Ed ecco qualcosa di speciale da provare con questo Poker d’Assi 18.

Appuntamento che si gioca tra Campania e Lazio, con una sola eccezione, un salto da Villa Calicantus a Bardolino, ed è proprio da lì che parto.

VILLA CALICANTUS

È una cantina che segnalo sempre volentieri, tanto è riuscito il loro approccio in raffinata biodinamica, che si concretizza in bottiglie sempre di grande pulizia.

È appena uscito il Vino Rosato Chiar’otto 2019, un classico della zona Garda, da vigne cinquantenarie, azzeccato blend di Corvina, Rondinella, Molinara affinato sui lieviti indigeni in acciaio, che poi trascorre sei mesi in legno.

Naso di mela e lampone, boccata tesa, densa, raffinata.

CANTINE SANTACOSTA

Scendo poi in Campania, per la precisione nel Sannio, presso le cantine Santacosta, che con la loro linea Don Andrea hanno davvero sbancato.

Il Don Andrea 3605 Vino Rosso è un blend Piedirosso 50%, Cabernet Sauvignon 25%, Merlot 25%, dal naso di ciliegia sotto spirito, con un tocco officinale, di maggiorana fresca.

La bocca è densa e compatta, i tannini iodati, il finale con ritorno fruttato.

VIGNA VILLAE

Rimango in Campania, per la precisione a Taurasi, per andare a trovare l’azienda Vigna Villae, vero monumento dell’Irpinia.

Il loro Cient’anne Taurasi DOCG Riserva 2013 è, come si suol dire, una ‘vera bomba’.

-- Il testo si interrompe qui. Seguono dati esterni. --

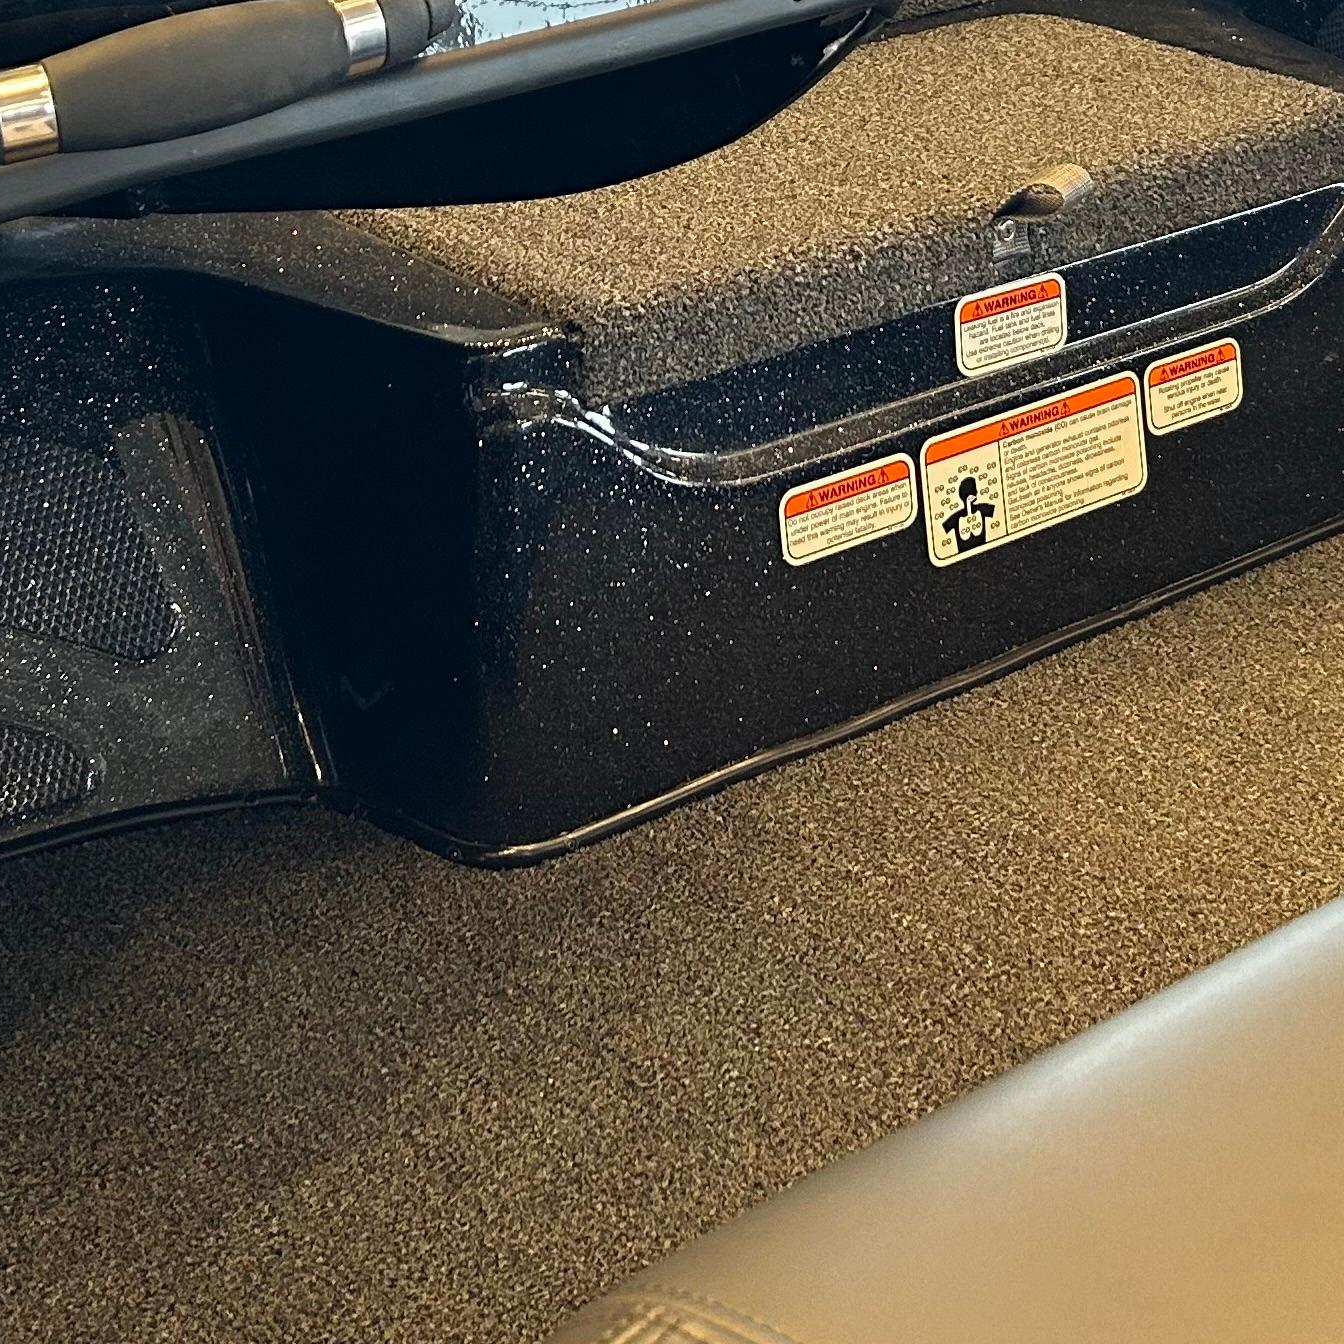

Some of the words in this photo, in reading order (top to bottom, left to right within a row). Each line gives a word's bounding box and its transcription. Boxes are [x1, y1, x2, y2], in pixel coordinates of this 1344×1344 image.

[984, 289, 1036, 313] WARNING
[1169, 354, 1215, 375] WARNING
[1010, 407, 1060, 430] WARNING
[819, 475, 876, 502] WARNING

Aglianico di Taurasi 100% coltivato in Contrada Case d’Alto, a circa quattrocento metri di altezza, con una vendemmia, viste le particolari caratteristiche climatiche e vegetative, svolta addirittura a inizio novembre.

Naso di visciole, tocco di chinotto, poi pepe nero e chiusura di eucalipto.

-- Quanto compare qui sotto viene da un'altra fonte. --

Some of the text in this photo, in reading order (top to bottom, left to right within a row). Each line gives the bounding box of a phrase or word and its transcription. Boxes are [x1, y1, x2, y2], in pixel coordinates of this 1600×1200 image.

Bocca dal tannino salmastro, molto tesa, finale con ritorno officinale.

TENUTA SANTA LUCIA

Finisco il mio ‘tour’ risalendo verso nord e fermandomi, come promesso, a Tenuta Santa Lucia di Poggio Mirteto, a due passi da Rieti, così da avere l’occasione di parlare di una Regione vitivinicola non sufficientemente divulgata come il Lazio.

Per l’appunto, il loro Lazio IGT Morrone 2015, un Syrah in purezza vinificato in acciaio e barrique, è uno di quegli esempi di vino di grande riuscita, emblema della marcata vocazione di un territorio.

Piccoli frutti neri al naso, mirtillo in confettura, poi tocchi officinali, di maggiorana fresca, e chiusura sulle note della liquirizia. La bocca è succosa e densa, con tannini sapidi e bel finale con ritorno fruttato.